In recent years, various biodegradable delivery systems have been developed and evaluated for local delivery of antibiotics in the treatment of bone infection. For instance calcium sulphate has been investigated in latest studies conducted by McConoughey. The performance of synthetic, high purity calcium sulphate as a carrier of antibiotics in orthopaedic infection has been equivalent, and potentially superior to PMMA [103]. Both the antibiotic impregnated materials have displayed similar bactericidal properties and similar kind of Vanc elution. Similar study confirmed the usefulness in chronic osteomyelitis treatment of tobramycin loaded biodegradable calcium sulphate carriers. The study showed that with supplementation of 10 to 20 gram of tobramycin impregnation, chance of renal toxicity is negligible in healthy persons. On the other hand, there was a serious concern for the patients with renal failure [104].

Collagen has been reported as a well-tolerated and completely biodegradable material. There have been several studies recently that show promising results in open fracture management by using antibiotic loaded collagen sponges locally along with parenteral therapy. Although the Gent-loaded collagen sponge provided high antibiotic concentration at the site of implantation, an additive effect of systemic antibiotic treatment was attained [105,106]. Sternal wound is a serious complication following cardiac surgery and Gent-loaded collagen sponge can be a good alternative for treatment of such wound [107,108].

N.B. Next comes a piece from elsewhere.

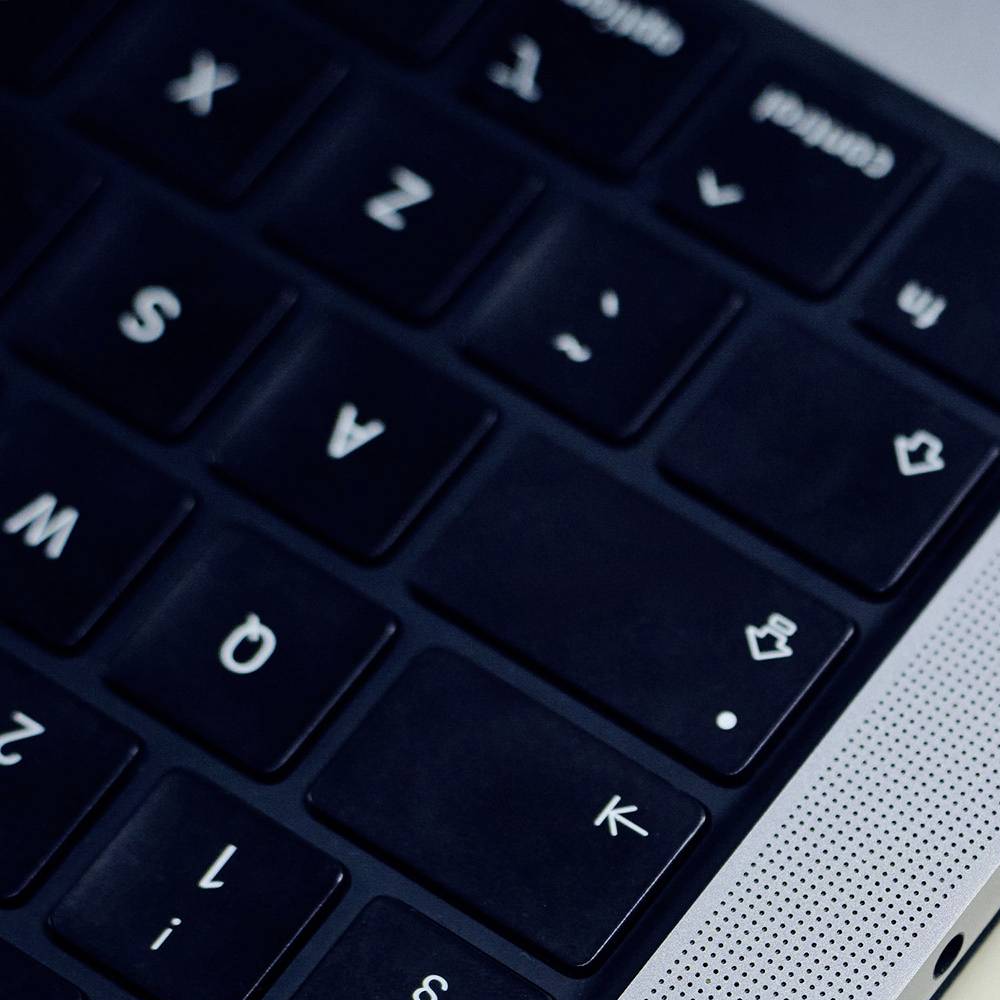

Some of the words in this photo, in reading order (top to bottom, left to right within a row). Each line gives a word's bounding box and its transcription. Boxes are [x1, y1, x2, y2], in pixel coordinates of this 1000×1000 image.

Biodegradable synthetic polymers are known to be used in surgical operation for long. However, these materials are also gaining popularity as local antibiotic delivery system among the clinicians for their lasting effects and antibiotic elution with increased penetrability in bone and soft tissue infection [100]. The degree of biodegradability can vary from weeks to months, allowing variable types of infections to be treated. In addition, there may be decreased need for reconstruction of tissue defects as the host soft tissue can fill in while the beads are slowly absorbed. Biodegradable implants in comparison to PMMA cements show almost no retention of antibiotic [109]. Synthetic polymers are highly compatible with a number of antibiotics like ampicillin, Gent and polymixin-B.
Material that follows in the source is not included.